I learned the hard way that a party store is for adult parties, not a kid’s party. This was my first introduction into Michigan-isms. Below are some terms and places unique to Michigan and the Midwest.

Yooper

When I first saw the word Yooper in the newspaper, I thought it was a blooper. A friend explained that it was a nickname for people who live in the Upper Peninsula. So, what’s the origin of the word Yooper? The word was first published in Aug. 5, 1979.

The Escanaba Daily Press held a contest for people to come up with the best word to describe residents of Michigan’s Upper Peninsula. Brett Crawford, of Bark River, is credited with submitting the term Yooper to the newspaper, according to upsupply.co.

Yooper is a combination of U.P. plus er.

Pop vs. soda

I grew up referring to sweet, carbonated beverages as “sodas.” And, when I lived in Texas, I heard people call them “Coke,” whether the drink was a Dr Pepper, Mountain Dew or Pepsi.
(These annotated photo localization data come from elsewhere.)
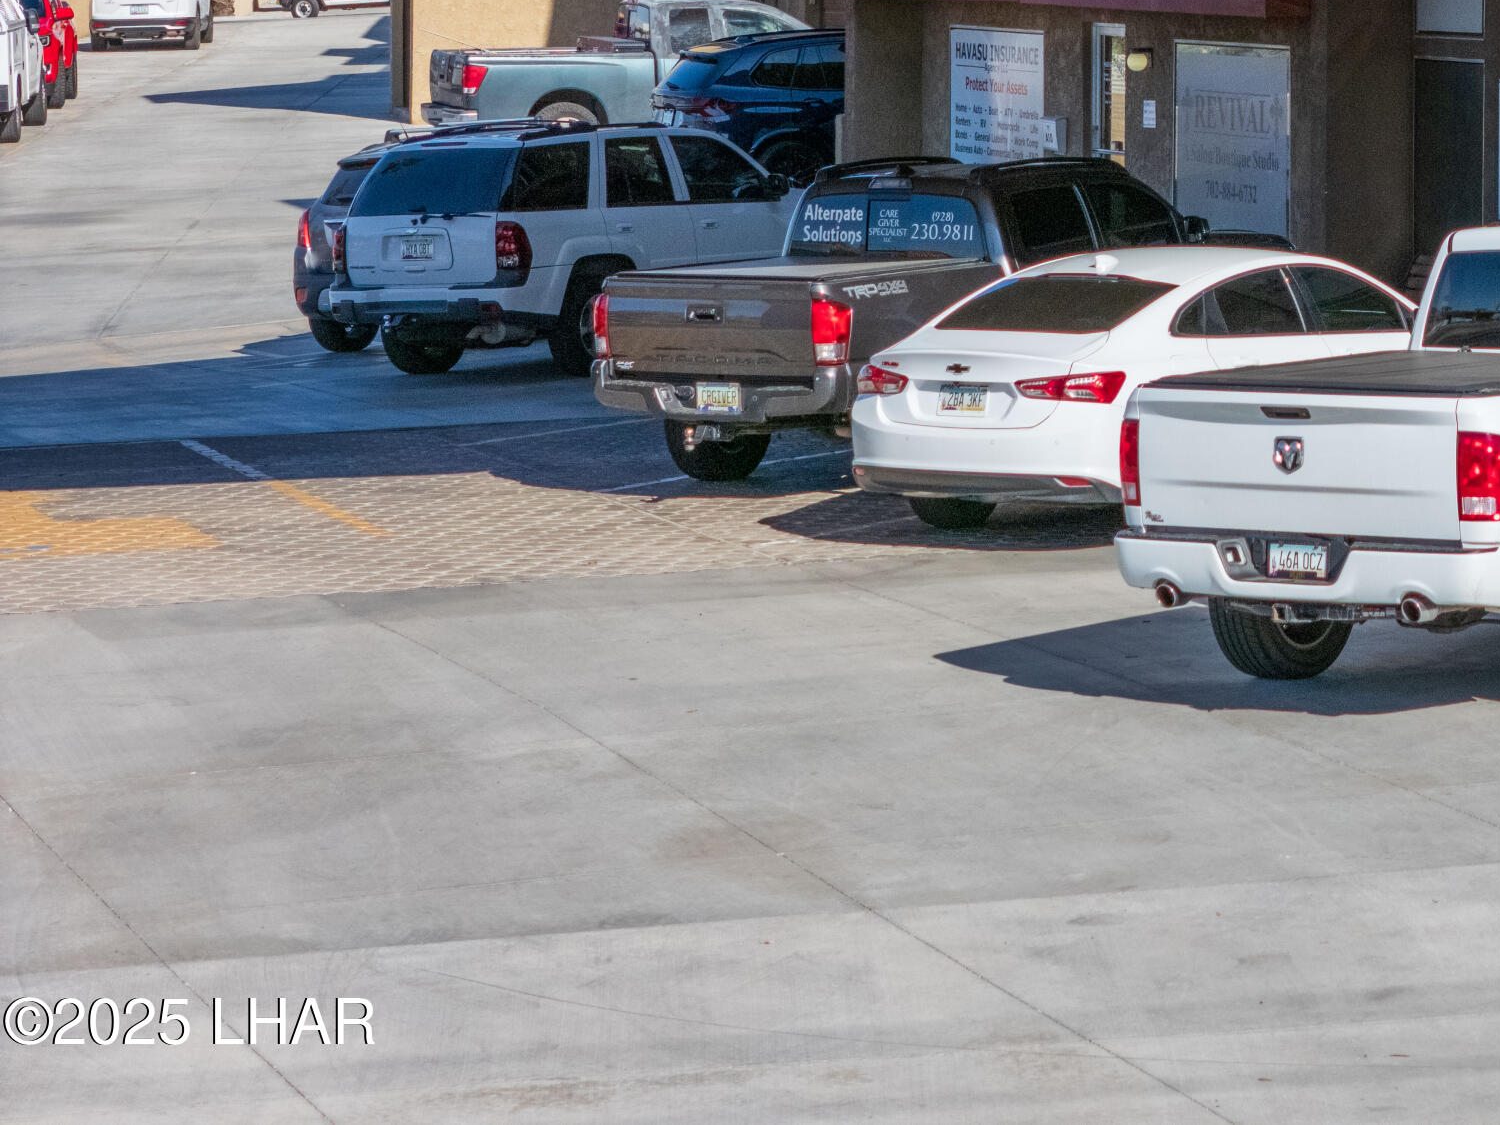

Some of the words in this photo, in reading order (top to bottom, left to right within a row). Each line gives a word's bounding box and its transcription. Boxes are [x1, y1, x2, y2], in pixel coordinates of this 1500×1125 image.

[955, 42, 988, 61] HAVASU
[990, 44, 1039, 65] INSURANCE
[965, 76, 989, 92] Protect
[989, 79, 1004, 93] Your
[1006, 80, 1028, 96] Assets
[1194, 96, 1271, 134] REVIVAL
[974, 131, 990, 142] General
[973, 144, 983, 155] Auto
[1191, 144, 1213, 164] Salon
[1215, 146, 1251, 172] Boutique
[1252, 150, 1279, 172] Studio
[1205, 179, 1257, 204] 702-884-6732
[804, 203, 863, 224] Alternate
[879, 209, 899, 218] CARE
[931, 211, 954, 223] (928)
[877, 218, 900, 227] GIVER
[802, 225, 862, 245] Solutions
[868, 227, 907, 236] SPECIALIST
[910, 223, 974, 241] 230.9811
[842, 283, 878, 300] TRD
[701, 390, 737, 404] CRGIVER
So, when I moved to Michigan, I wasn’t surprised by the strange looks or “You must not be from here” comments when I used the word “soda” instead of “pop.”
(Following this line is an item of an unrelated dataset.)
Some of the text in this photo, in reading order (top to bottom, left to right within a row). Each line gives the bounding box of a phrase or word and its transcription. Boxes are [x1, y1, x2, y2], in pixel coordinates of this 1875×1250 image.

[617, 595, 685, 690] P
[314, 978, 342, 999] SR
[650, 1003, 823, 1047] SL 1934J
But where did the term “pop” come from? After some research on the internet, I discovered that the consensus is that “pop” originated from the sound a carboned beverage makes when it’s opened.

Mackinac vs. Mackinaw

The French named the territory Mackinac (pronounced Mack-in-aw). When the British took over they territory, they spelled it phonetically — Mackinaw. Only Mackinaw City uses the British spelling; the rest are spelled with the “c” at the end — Mackinac Bridge, Mackinac Island and Mackinac Straits.

Sault Ste. Marie

On my first trip to the Upper Peninsula, we stayed in Sault Ste. Marie. When I told friends where I was staying — “Salt Saint Marie” — they laughed. Then, a few minutes later, they explained that it’s pronounced “Sue Saint Marie.”
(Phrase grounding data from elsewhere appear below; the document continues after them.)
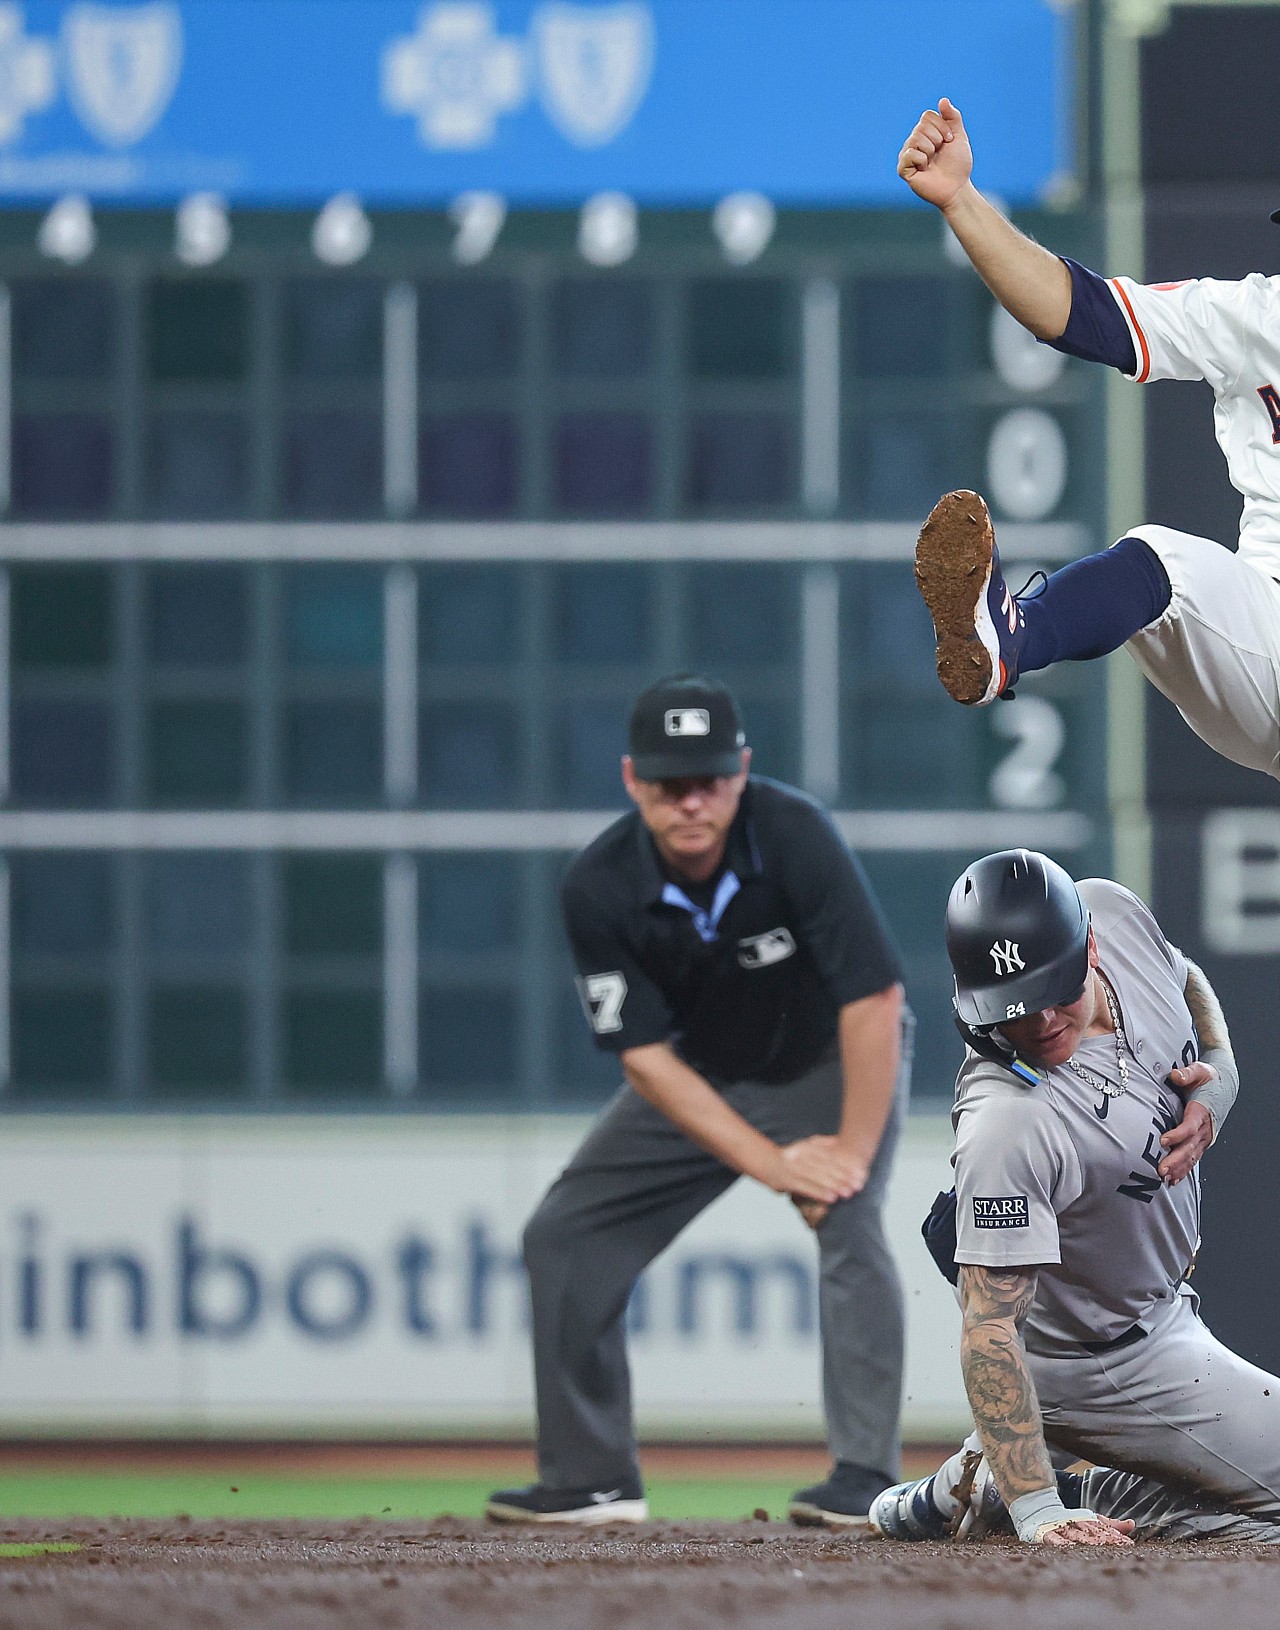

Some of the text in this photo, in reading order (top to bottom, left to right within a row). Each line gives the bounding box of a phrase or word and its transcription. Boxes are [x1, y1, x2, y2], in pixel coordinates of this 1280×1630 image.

[449, 190, 505, 266] 7
[712, 190, 777, 266] 9
[987, 408, 1067, 519] 0
[990, 696, 1068, 808] 2
[989, 939, 1026, 976] NY
[1006, 1001, 1026, 1019] 24
[974, 1199, 1027, 1216] STARR
[976, 1218, 1026, 1227] INSURANCE
[16, 1208, 818, 1340] inbothm
Here’s the origin of the name. In 1668, Father Jacques Marquette, a French Jesuit missionary, named the U.P. city “Sault de Sainte Marie.” Sainte Marie is a nod to Mary, mother of Jesus. It’s “Sainte” instead of “Saint” because of Mary’s gender. “Sault” is “rapids” in French. So the name translated is “the rapids of Saint Mary.”

The Mitten State

After moving to Michigan in June 2006, I quickly learned about the everyman map of Michigan’s Lower Peninsula — the hand — which co-workers used to show me where they were spending their vacations. That’s why Michigan is called “the Mitten State.”

When did this nickname begin? The first mention of Michigan as “the Mitten State” appears in the Michigan State Cyclopedia published in 1901, according to an article on michiganradio.org.

In 2011, Wisconsin caused an uproar when it used a mitten in its travel ads.

By the way, Michigan’s inclusive (Upper and Lower Peninsula) nickname is “the Great Lakes State.”

Michigander vs. Michiganian

In 2017, the Michigan Legislature settled the Michigander vs. Michiganian argument (at least for some). The state Legislature made “Michigander” the official term for residents of Michigan. According to an article by the Detroit Free Press, former Gov. Rick Snyder preferred the term Michigander, while former Govs. Jim Blanchard, John Engler and Jennifer Granholm favored Michiganian.

Where did the term Michigander originate? President Abraham Lincoln is credited with coining the term while attacking Michigan Gov. Lewis Cass in 1848.

What are your favorite Michigan-isms? Share them with us in the comments.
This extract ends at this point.